Tuesday, February 26, 2013

the disciple's career



I’m musing this morning on discipline – Christian discipline.  Not the discipline of training a child in the way he should go – though as a mother of young children, discipline of that sort requires much of my time and sincere effort.  Not the discipline that a congregation exercises toward a member who walks in unrepentant sin (see 1 Cor. 5).  I’m musing on what must be the careful, disciplined life of the follower of Jesus Christ.

                Are you a Christian?  Then you are a disciple.  “Discipline,” writes Elisabeth Elliot, “is the disciple’s career.”[1]  Christ gives those who would follow Him a three-point assignment:  1) Deny yourself.  2) Take up your cross.  3) Follow Me (Matt. 16:24).  We live in the 21st century in a “free” and wealthy society.  But we cannot “coast” and claim we are Christ’s.  One who follows Him leaves self behind and enlists in spiritual warfare.

You and I each have sins against which we must fight.  Jesus died to save us from those sins.  Do I mean that He saved us from the eternal punishment that was ours?  Yes, but more than that.  We are saved from our sins.  Are you prone to lust, whether lust of the sexual kind or lust for wealth or notoriety?  Stop looking, stop coveting: you’ve been saved from that.  Are you quick to gossip or to slander your neighbor?  Shut your mouth, and turn away from those who would whisper in your ear: you’ve been set free from that (Romans 6:18).  Are you prone to outbursts at 8:15 on Monday morning when no one seems to know where they put their other boot and the bell rings in 10 minutes?  The fruit of the Savior’s Spirit is “love, joy, peace, longsuffering, kindness, goodness, faithfulness, gentleness, self-control…  And those who are Christ’s have crucified the flesh with its passions and desires” (Galatians 5:22-24).

Consider 2 Peter 1:3-9:

“Grace and peace be multiplied to you in the knowledge of God and of Jesus our Lord, as His divine power has given to us all things that pertain to life and godliness, through the knowledge of Him who called us by glory and virtue, by which have been given to us exceedingly great and precious promises, that through these you may be partakers of the divine nature, having escaped the corruption that is in the world through lust.  But also for this very reason, giving all diligence, add to your faith virtue, to virtue knowledge, to knowledge self-control, to self-control perseverance, to perseverance godliness, to godliness brotherly kindness, and to brotherly kindness love.  For if these things are yours and abound, you will be neither barren nor unfruitful in the knowledge of our Lord Jesus Christ.  For he who lacks these things is shortsighted, even to blindness, and has forgotten that he was cleansed from his old sins.”
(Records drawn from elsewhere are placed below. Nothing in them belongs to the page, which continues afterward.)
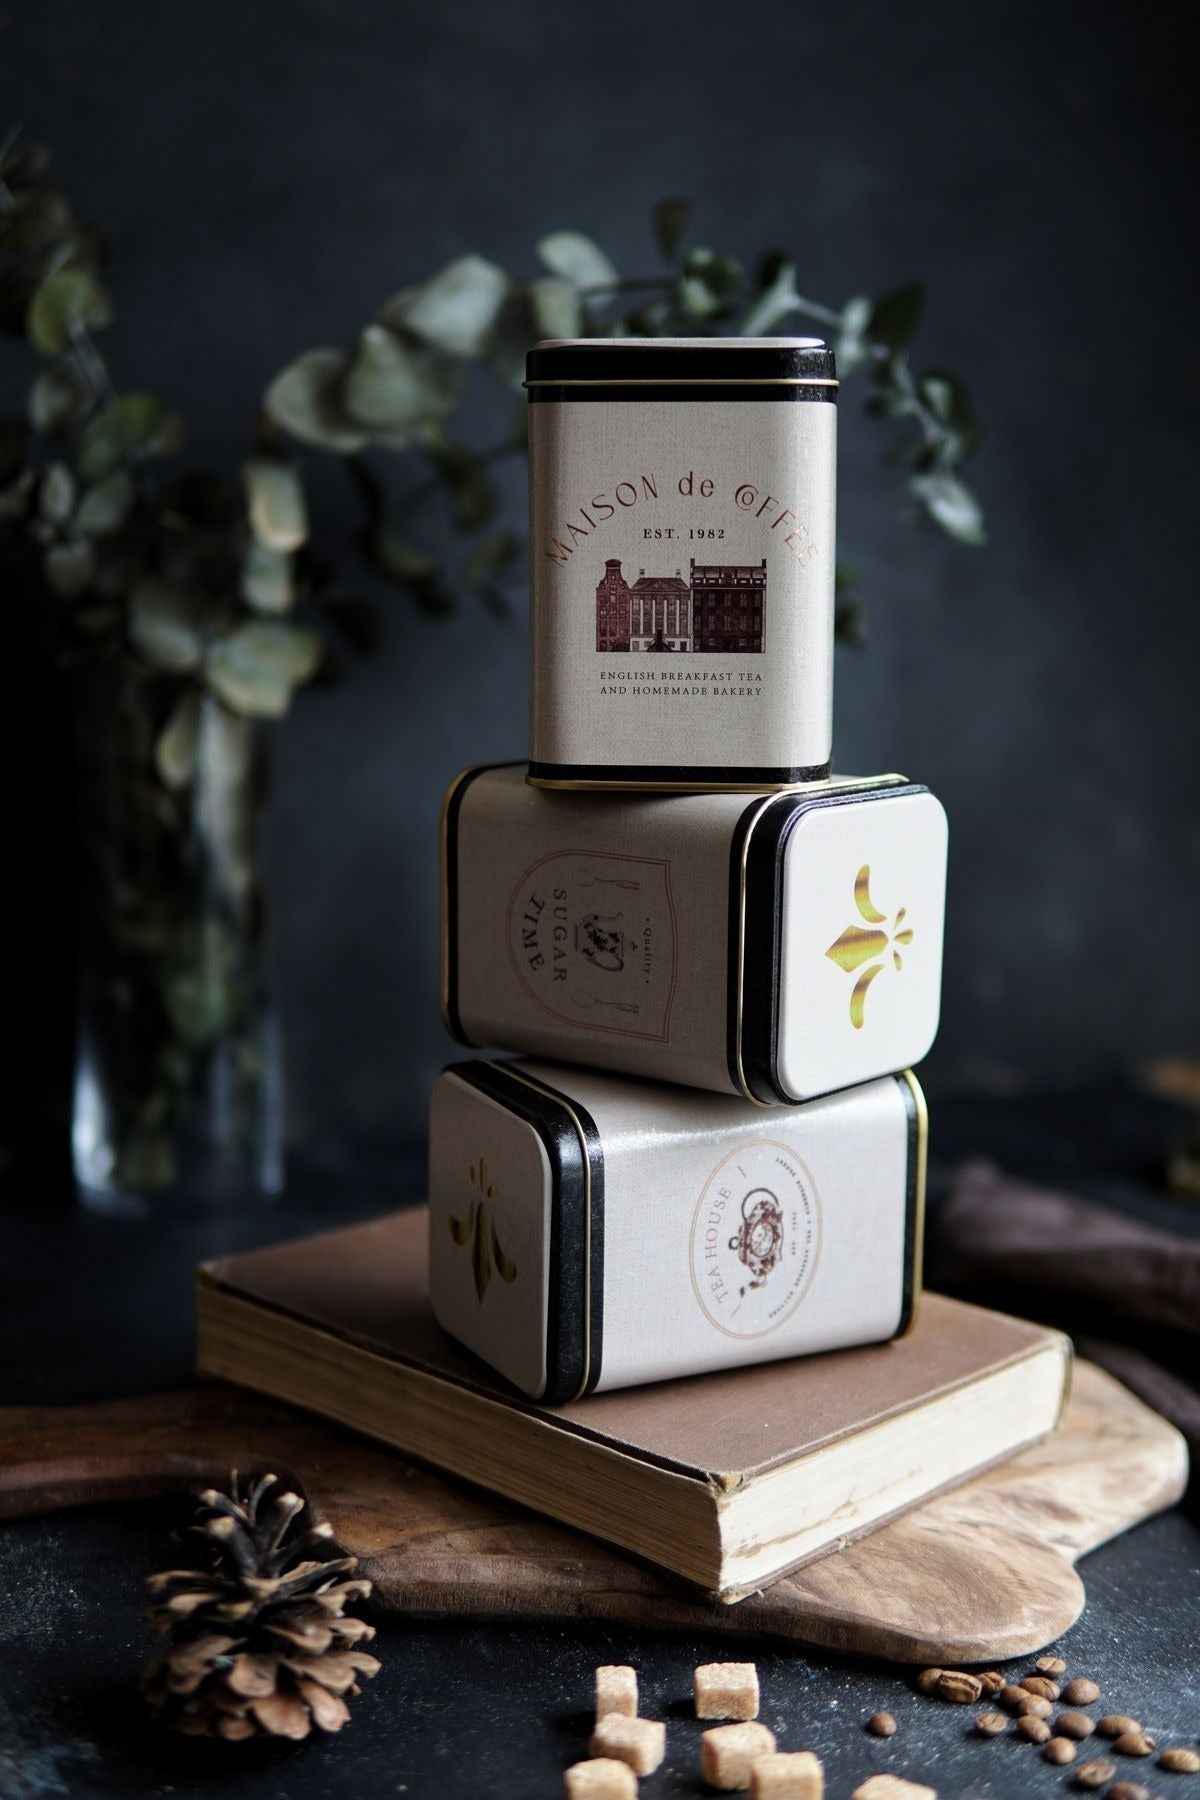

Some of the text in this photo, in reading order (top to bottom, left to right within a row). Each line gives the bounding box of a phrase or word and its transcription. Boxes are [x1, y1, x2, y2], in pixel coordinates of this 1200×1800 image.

[545, 473, 658, 568] MAISON
[678, 471, 715, 497] de
[643, 528, 725, 540] EST. 1982
[600, 672, 762, 681] ENGLISH BREAKFAST TEA
[600, 686, 763, 696] AND HOMEMADE BAKERY
[522, 891, 545, 971] TIME
[553, 888, 568, 983] SUGAR
[642, 927, 653, 975] Quality
[705, 1186, 732, 1304] TEA HOUSE
A disciplined life is a fruitful life.  Our Lord said, “Herein is my Father glorified, that ye bear much fruit; so shall ye be my disciples” (John 15:8).  The fruits that a disciple brings forth are good works.  Our works don’t save us.  “For by grace are ye saved through faith; and that not of yourselves: it is the gift of God: not of works, lest any man should boast.   For we are his workmanship, created in Christ Jesus unto good works” (Eph. 2:8-10a).  But God “expects us to work, just as the designer of a precision instrument…expects the thing to work.  It is no great credit to the instrument if it does.”[2]

Are you a follower of Jesus Christ?  Live a disciplined life, that you might bear much fruit. 


[1] Elliot, Elisabeth.  Discipline.  I plan to consider discipline of specific areas of our life in the next few columns.  Many of my ideas will be gleaned from this book.
[2] Ibid.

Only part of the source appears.